'''
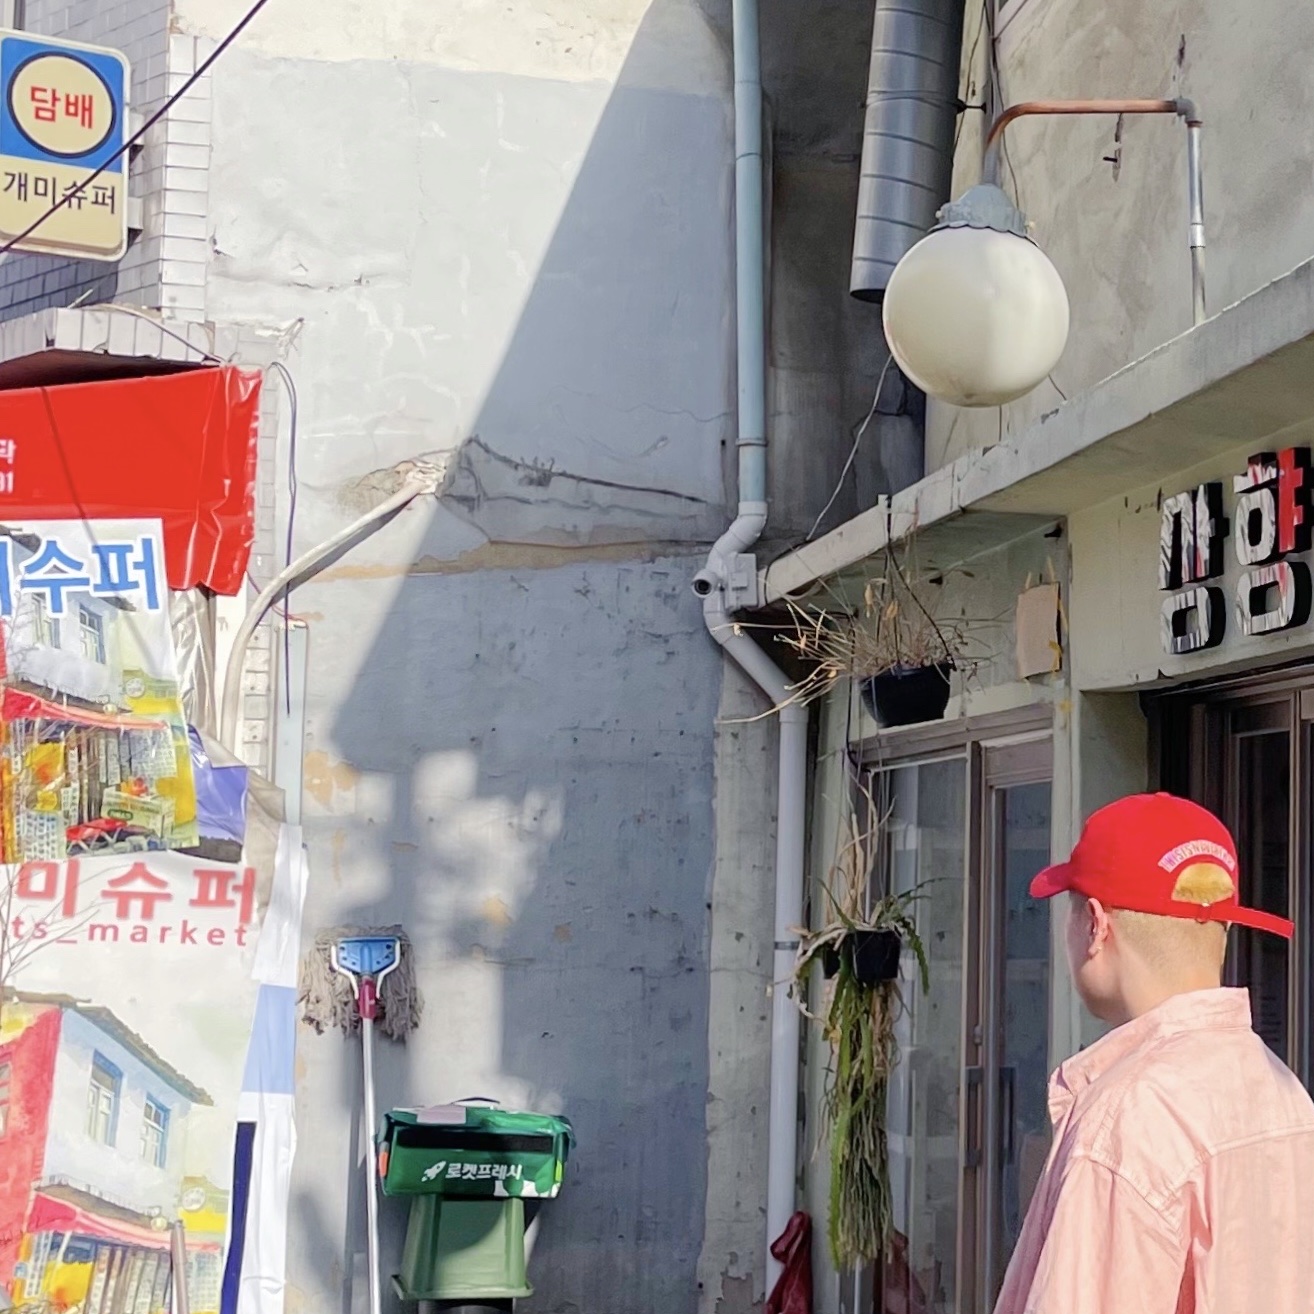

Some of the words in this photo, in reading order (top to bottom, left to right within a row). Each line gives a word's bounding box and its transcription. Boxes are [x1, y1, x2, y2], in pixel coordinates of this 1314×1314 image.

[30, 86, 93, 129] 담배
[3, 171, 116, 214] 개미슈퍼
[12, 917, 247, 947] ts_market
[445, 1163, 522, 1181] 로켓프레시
'''
EXERCISE: Would you restate the records above word for word and exclude the pictures?

WORKED SOLUTION:
Some of the words in this photo, in reading order (top to bottom, left to right within a row). Each line gives a word's bounding box and its transcription. Boxes are [x1, y1, x2, y2], in pixel coordinates of this 1314×1314 image.

[30, 86, 93, 129] 담배
[3, 171, 116, 214] 개미슈퍼
[12, 917, 247, 947] ts_market
[445, 1163, 522, 1181] 로켓프레시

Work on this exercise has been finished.